Start of GIVEN INFORMATION

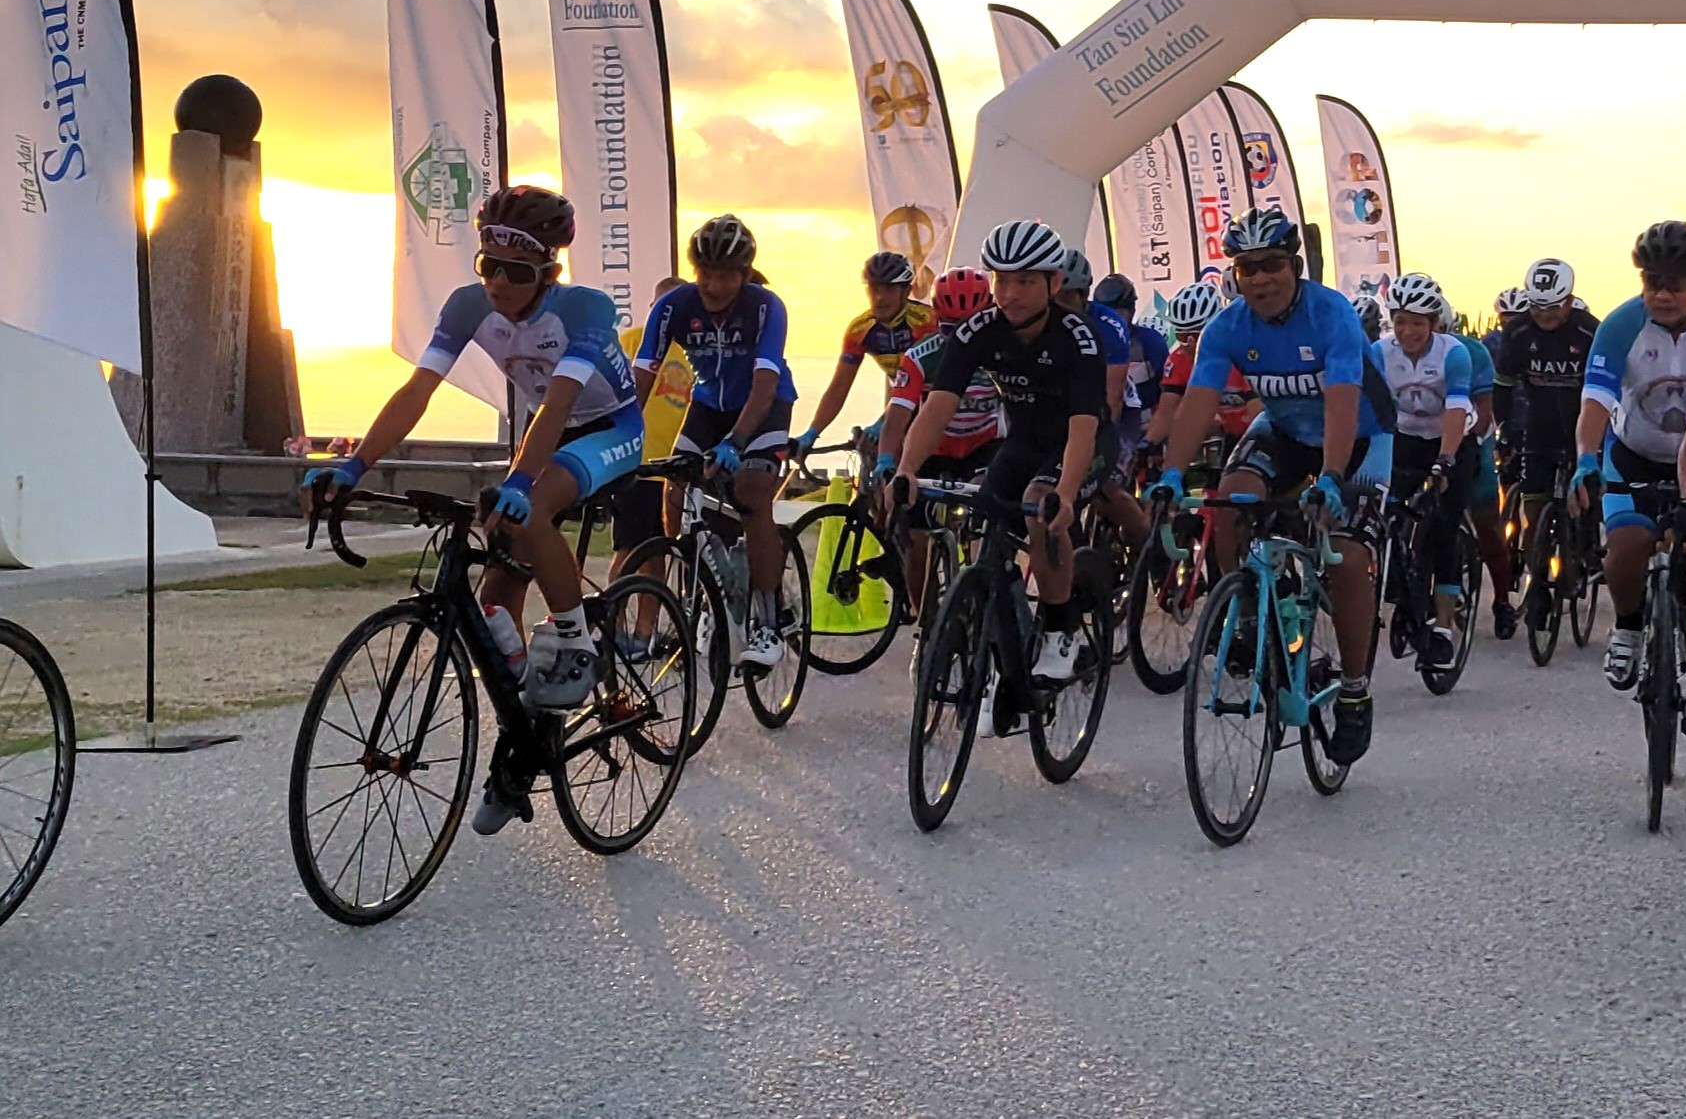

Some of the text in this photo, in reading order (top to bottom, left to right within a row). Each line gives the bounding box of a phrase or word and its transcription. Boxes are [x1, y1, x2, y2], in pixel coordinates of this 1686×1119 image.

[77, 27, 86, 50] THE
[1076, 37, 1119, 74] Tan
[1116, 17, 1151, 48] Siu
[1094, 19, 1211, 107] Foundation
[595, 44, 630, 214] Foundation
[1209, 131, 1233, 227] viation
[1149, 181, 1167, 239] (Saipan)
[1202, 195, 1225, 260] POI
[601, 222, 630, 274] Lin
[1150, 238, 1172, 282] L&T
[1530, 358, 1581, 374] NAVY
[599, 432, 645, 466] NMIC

End of GIVEN INFORMATION

*EXERCISE DESCRIPTION*
Without including any picture, retype the entries exactly.

*EXERCISE RESULT*
Some of the text in this photo, in reading order (top to bottom, left to right within a row). Each line gives the bounding box of a phrase or word and its transcription. Boxes are [x1, y1, x2, y2], in pixel coordinates of this 1686×1119 image.

[77, 27, 86, 50] THE
[1076, 37, 1119, 74] Tan
[1116, 17, 1151, 48] Siu
[1094, 19, 1211, 107] Foundation
[595, 44, 630, 214] Foundation
[1209, 131, 1233, 227] viation
[1149, 181, 1167, 239] (Saipan)
[1202, 195, 1225, 260] POI
[601, 222, 630, 274] Lin
[1150, 238, 1172, 282] L&T
[1530, 358, 1581, 374] NAVY
[599, 432, 645, 466] NMIC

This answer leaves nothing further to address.